* **What to work on**: Copy out every line of the data exactly.

[Saved data entries]
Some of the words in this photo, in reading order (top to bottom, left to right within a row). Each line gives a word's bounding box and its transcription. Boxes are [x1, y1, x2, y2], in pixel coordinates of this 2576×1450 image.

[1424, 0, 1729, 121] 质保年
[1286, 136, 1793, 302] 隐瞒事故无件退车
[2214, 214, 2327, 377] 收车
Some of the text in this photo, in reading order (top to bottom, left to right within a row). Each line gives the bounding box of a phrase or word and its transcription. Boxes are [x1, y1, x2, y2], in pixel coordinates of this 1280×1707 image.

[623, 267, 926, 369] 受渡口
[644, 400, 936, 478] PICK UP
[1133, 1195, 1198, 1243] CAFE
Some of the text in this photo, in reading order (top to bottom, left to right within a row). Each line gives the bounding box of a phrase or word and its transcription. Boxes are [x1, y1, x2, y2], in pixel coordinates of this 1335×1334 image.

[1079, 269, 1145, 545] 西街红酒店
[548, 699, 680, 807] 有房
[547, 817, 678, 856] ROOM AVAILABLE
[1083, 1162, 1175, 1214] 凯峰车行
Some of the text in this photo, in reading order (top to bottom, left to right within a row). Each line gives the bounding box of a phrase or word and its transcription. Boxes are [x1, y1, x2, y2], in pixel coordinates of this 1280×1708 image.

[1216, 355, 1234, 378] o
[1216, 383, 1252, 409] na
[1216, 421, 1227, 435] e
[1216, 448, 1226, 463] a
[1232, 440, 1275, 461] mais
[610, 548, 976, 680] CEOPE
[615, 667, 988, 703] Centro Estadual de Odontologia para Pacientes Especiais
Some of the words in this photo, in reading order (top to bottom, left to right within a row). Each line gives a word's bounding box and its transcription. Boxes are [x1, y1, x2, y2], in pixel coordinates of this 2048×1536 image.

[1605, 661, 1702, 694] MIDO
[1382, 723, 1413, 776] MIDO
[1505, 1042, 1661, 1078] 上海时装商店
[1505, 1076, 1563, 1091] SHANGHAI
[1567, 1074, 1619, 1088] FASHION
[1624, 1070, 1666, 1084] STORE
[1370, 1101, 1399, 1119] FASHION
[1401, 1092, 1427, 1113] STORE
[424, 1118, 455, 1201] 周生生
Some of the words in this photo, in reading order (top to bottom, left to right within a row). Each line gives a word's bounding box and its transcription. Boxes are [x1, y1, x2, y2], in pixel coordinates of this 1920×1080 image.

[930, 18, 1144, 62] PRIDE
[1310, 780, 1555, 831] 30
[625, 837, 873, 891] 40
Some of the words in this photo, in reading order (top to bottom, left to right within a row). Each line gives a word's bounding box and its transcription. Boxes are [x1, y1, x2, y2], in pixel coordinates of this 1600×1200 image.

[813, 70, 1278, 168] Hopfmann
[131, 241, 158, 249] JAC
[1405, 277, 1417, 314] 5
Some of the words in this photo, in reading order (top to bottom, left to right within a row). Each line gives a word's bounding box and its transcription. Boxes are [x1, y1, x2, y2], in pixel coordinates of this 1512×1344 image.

* **Output of the exercise**:
Some of the words in this photo, in reading order (top to bottom, left to right within a row). Each line gives a word's bounding box and its transcription. Boxes are [x1, y1, x2, y2], in pixel coordinates of this 2576×1450 image.

[1424, 0, 1729, 121] 质保年
[1286, 136, 1793, 302] 隐瞒事故无件退车
[2214, 214, 2327, 377] 收车
Some of the text in this photo, in reading order (top to bottom, left to right within a row). Each line gives the bounding box of a phrase or word and its transcription. Boxes are [x1, y1, x2, y2], in pixel coordinates of this 1280×1707 image.

[623, 267, 926, 369] 受渡口
[644, 400, 936, 478] PICK UP
[1133, 1195, 1198, 1243] CAFE
Some of the text in this photo, in reading order (top to bottom, left to right within a row). Each line gives the bounding box of a phrase or word and its transcription. Boxes are [x1, y1, x2, y2], in pixel coordinates of this 1335×1334 image.

[1079, 269, 1145, 545] 西街红酒店
[548, 699, 680, 807] 有房
[547, 817, 678, 856] ROOM AVAILABLE
[1083, 1162, 1175, 1214] 凯峰车行
Some of the text in this photo, in reading order (top to bottom, left to right within a row). Each line gives the bounding box of a phrase or word and its transcription. Boxes are [x1, y1, x2, y2], in pixel coordinates of this 1280×1708 image.

[1216, 355, 1234, 378] o
[1216, 383, 1252, 409] na
[1216, 421, 1227, 435] e
[1216, 448, 1226, 463] a
[1232, 440, 1275, 461] mais
[610, 548, 976, 680] CEOPE
[615, 667, 988, 703] Centro Estadual de Odontologia para Pacientes Especiais
Some of the words in this photo, in reading order (top to bottom, left to right within a row). Each line gives a word's bounding box and its transcription. Boxes are [x1, y1, x2, y2], in pixel coordinates of this 2048×1536 image.

[1605, 661, 1702, 694] MIDO
[1382, 723, 1413, 776] MIDO
[1505, 1042, 1661, 1078] 上海时装商店
[1505, 1076, 1563, 1091] SHANGHAI
[1567, 1074, 1619, 1088] FASHION
[1624, 1070, 1666, 1084] STORE
[1370, 1101, 1399, 1119] FASHION
[1401, 1092, 1427, 1113] STORE
[424, 1118, 455, 1201] 周生生
Some of the words in this photo, in reading order (top to bottom, left to right within a row). Each line gives a word's bounding box and its transcription. Boxes are [x1, y1, x2, y2], in pixel coordinates of this 1920×1080 image.

[930, 18, 1144, 62] PRIDE
[1310, 780, 1555, 831] 30
[625, 837, 873, 891] 40
Some of the words in this photo, in reading order (top to bottom, left to right within a row). Each line gives a word's bounding box and its transcription. Boxes are [x1, y1, x2, y2], in pixel coordinates of this 1600×1200 image.

[813, 70, 1278, 168] Hopfmann
[131, 241, 158, 249] JAC
[1405, 277, 1417, 314] 5
Some of the words in this photo, in reading order (top to bottom, left to right within a row). Each line gives a word's bounding box and its transcription. Boxes are [x1, y1, x2, y2], in pixel coordinates of this 1512×1344 image.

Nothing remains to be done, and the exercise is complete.